The account director at the Stirling-based firm now has her very own enormous, roadside outdoor site, reminding her fiance Hugh how she can't wait to marry him this summer.

It goes to show, even when it come to matters of the heart, size really does matter to some people.


Calling all Welsh people. Media Week is donning the Jim'll Fix It hat once again this week to help out a young man from Wales.

His name is Robert Jones and he needs some help with a bit of research ... now then, now then. Jingle jangle, jewellery, jewellery, tracksuit, jewellery, etc. You get the idea.

"I am researching the potential of a new community website for Welsh people who have left Wales and are now living in other parts of the UK and would be very grateful if you could mention my project in a future issue of your publication," writes the budding young media researcher.

Robert goes on: "I am trying to reach as many people as possible, so if any of your readers were either born or lived in Wales, then I would like to hear from them."

So, if you're reading this and happen to be from Wales, don't just sit there banging on about how Michael Owen is Welsh really - despite coming from Wrexham - make a difference to young Robert and visit:


Whatever happened to all those charity wristbands everybody used to wear?

It's a sad state of affairs when feeding starving children or funding vital aid projects becomes, like, soooo last year.

But turning the act of a charitable donation into a fashion accessory perhaps made this all rather inevitable, as research from website bears out.

For the month of January, charity wristbands were the site's most-offloaded item, along with those plastic thread scoubidous things, action figures and sewing/craft kits.

The most wanted items were the Xbox 360, the iPod Nano and Playboy merchandise.

So, in the unlikely event that someone turns up in your office wearing a charity wristband, with their security laminate hanging on a scoubidou and starts doing a bit of sewing at lunch time, alert them to their unfashionably charitable ways and solve the problem with a porno mag and a games console.


30% - Negotiating with senior media owners.
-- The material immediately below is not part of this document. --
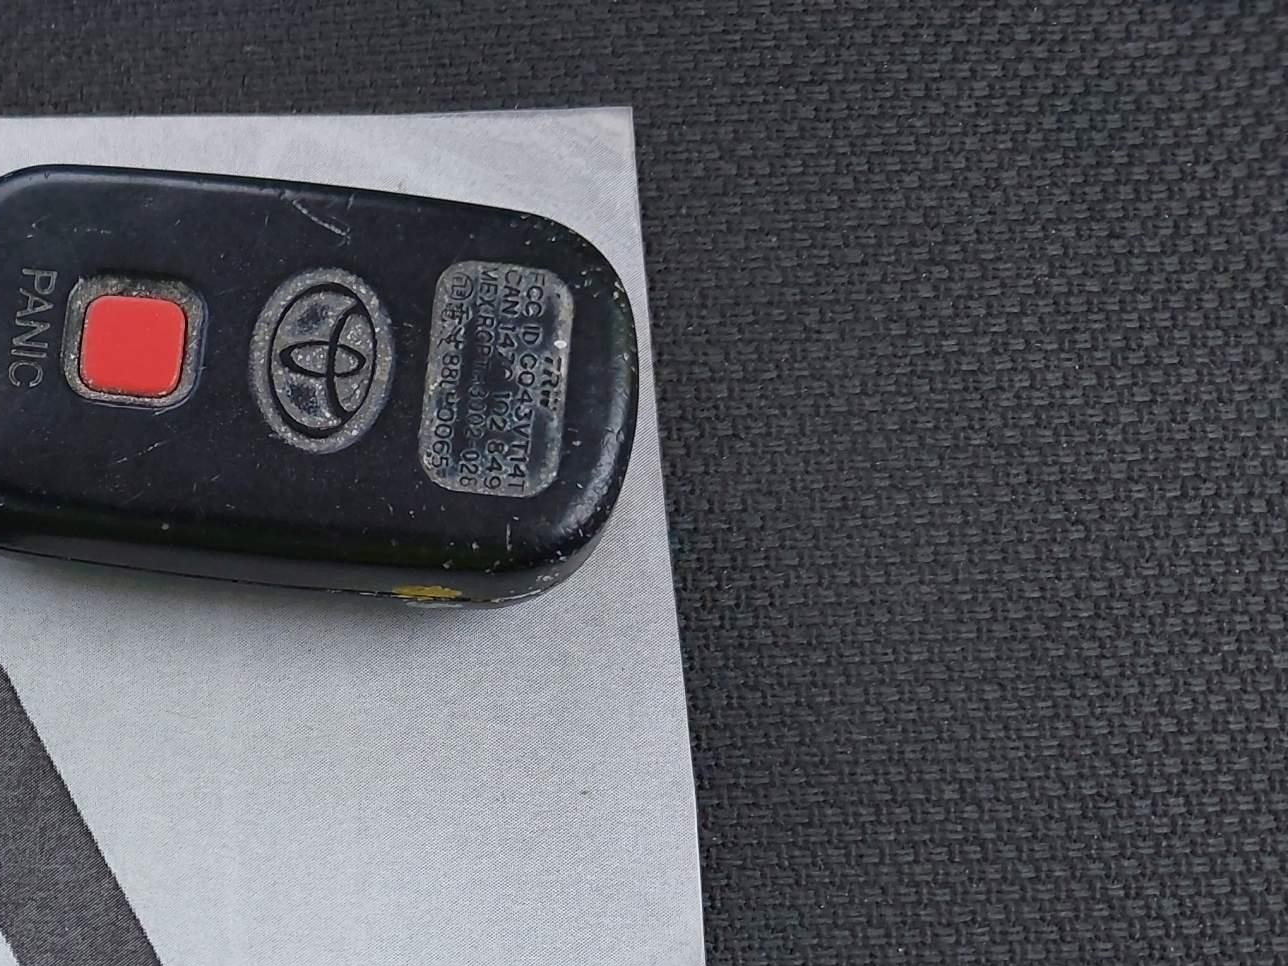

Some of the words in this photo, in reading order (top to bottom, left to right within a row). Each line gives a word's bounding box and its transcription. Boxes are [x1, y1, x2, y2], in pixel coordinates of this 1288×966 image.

Negotiation cannot be separated from innovation and creativity: it helps flesh out new ways of trading, new ideas to promote print and new effective applications of print alongside other media channels.

25% - Listening to the team. Part intelligence gathering, part problem solving, this time is crucial for resolving issues and coming up with ideas.

20% - Meeting with clients. Mainly involving client procurement teams. These are interesting, productive and hard work.

10% - Early morning work. I find this the best time to get things done and make plans. You'll find me working out Aegis trading strategies with Steve Platt, responding to messages or maybe persuading Neil Jones to sign off some client entertainment budgets.

5% - Eating lunch. Ideally somewhere local, not too flash, with a good menu. Lunches tend to start off serious and then become more light-hearted!

5% - Looking through the magazines and newspapers, trying not to stop on every sports page!

5% - Rumour mill. Talking to journalists discussing market trends, views on print and maybe the current gossip going around the media rumour mill.